Project A1: Cognitive State Classification with Magnetoencephalography Data (MEG)

Data:

A zip file containing some example preprocessing of the data into features along with some text file descriptions: LanguageFiles.zip
The raw time data (12 GB) for two subjects (DP/RG_mats) and the FFT data (DP/RG_avgPSD) is located at:
/afs/cs.cmu.edu/project/theo-23/meg_pilot
You should access this directly through AFS space

This data set contains a time series of images of brain activation, measured using MEG. Human subjects viewed 60 different objects divided into 12 categories (tools, foods, animals, etc...). There are 8 presentations of each object, and each presentation lasts 3-4 seconds. Each second has hundreds of measurements from 300 sensors. The data is currently available for 2 different human subjects.

Project A: Building a cognitive state classifier
Project idea: We would like to build classifiers to distinguish between the different categories of objects (e.g. tools vs. foods) or even the objects themselves if possible (e.g. bear vs. cat). The exciting thing is that no one really knows how well this will work (or if it's even possible). This is because the data was only gathered a few weeks ago (Aug-Sept 08). One of the main challenges is figuring out how to make good features from the raw data. Should the raw data just be used? Or maybe it should be first passed through a low-pass filter? Perhaps a FFT should convert the time series to the frequency domain first? Should the features represent absolute sensor values or should they represent changes from some baseline?
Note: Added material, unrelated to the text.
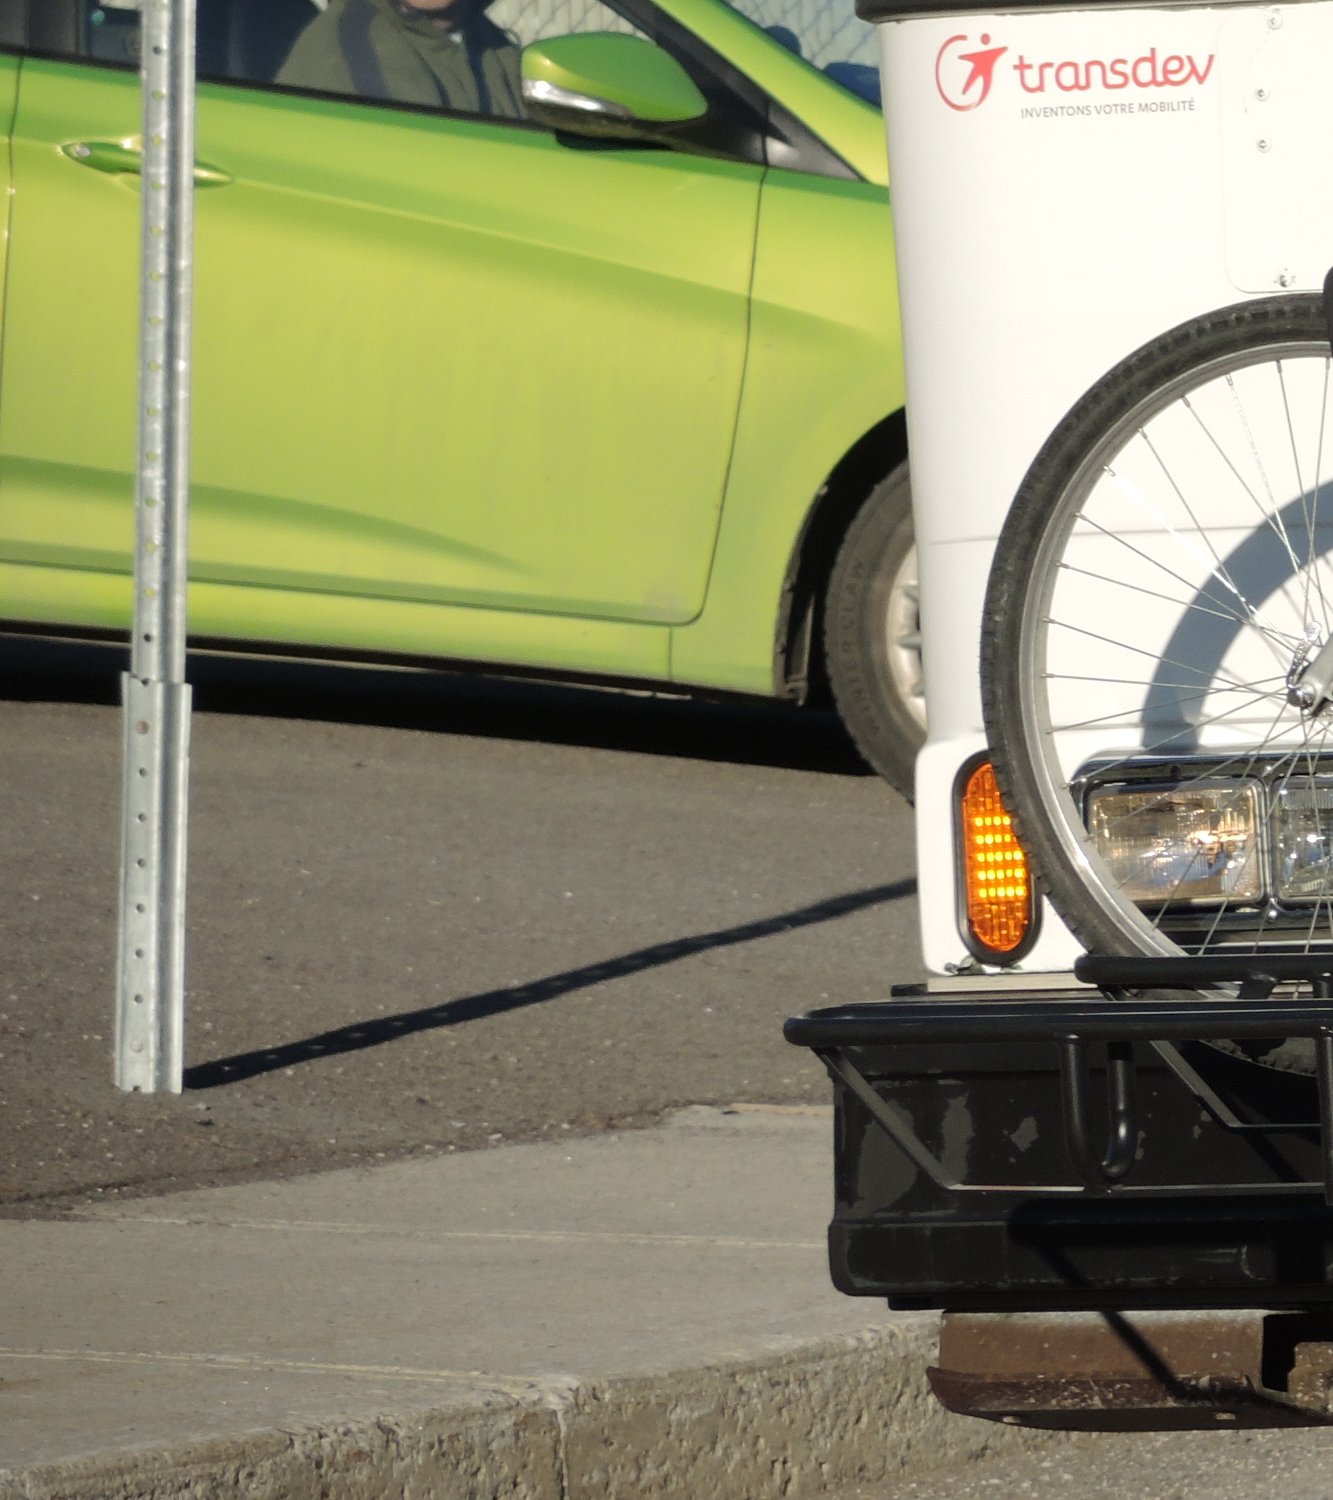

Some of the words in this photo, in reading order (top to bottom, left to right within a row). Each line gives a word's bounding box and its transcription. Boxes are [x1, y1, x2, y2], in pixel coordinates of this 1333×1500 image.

If so, what baseline? Another challenge is discovering what features are useful for what tasks. For example, the features that may distinguish foods from animals may be different than those that distinguish tools from buildings. What are good ways to discover these features?

This project is more challenging and risky than the others because it is not known what the results will be. But this is also good because no one else knows either, meaning that a good result could lead to a possible publication.
Papers to read:
Relevant but in the fMRI domain:
Learning to Decode Cognitive States from Brain Images, Mitchell et al., 2004,
Predicting Human Brain Activity Associated with the Meanings of Nouns, Mitchell et al., 2008
MEG paper:
Predicting the recognition of natural scenes from single trial MEG recordings of brain activity, Rieger et al. 2008 (access from CMU domain)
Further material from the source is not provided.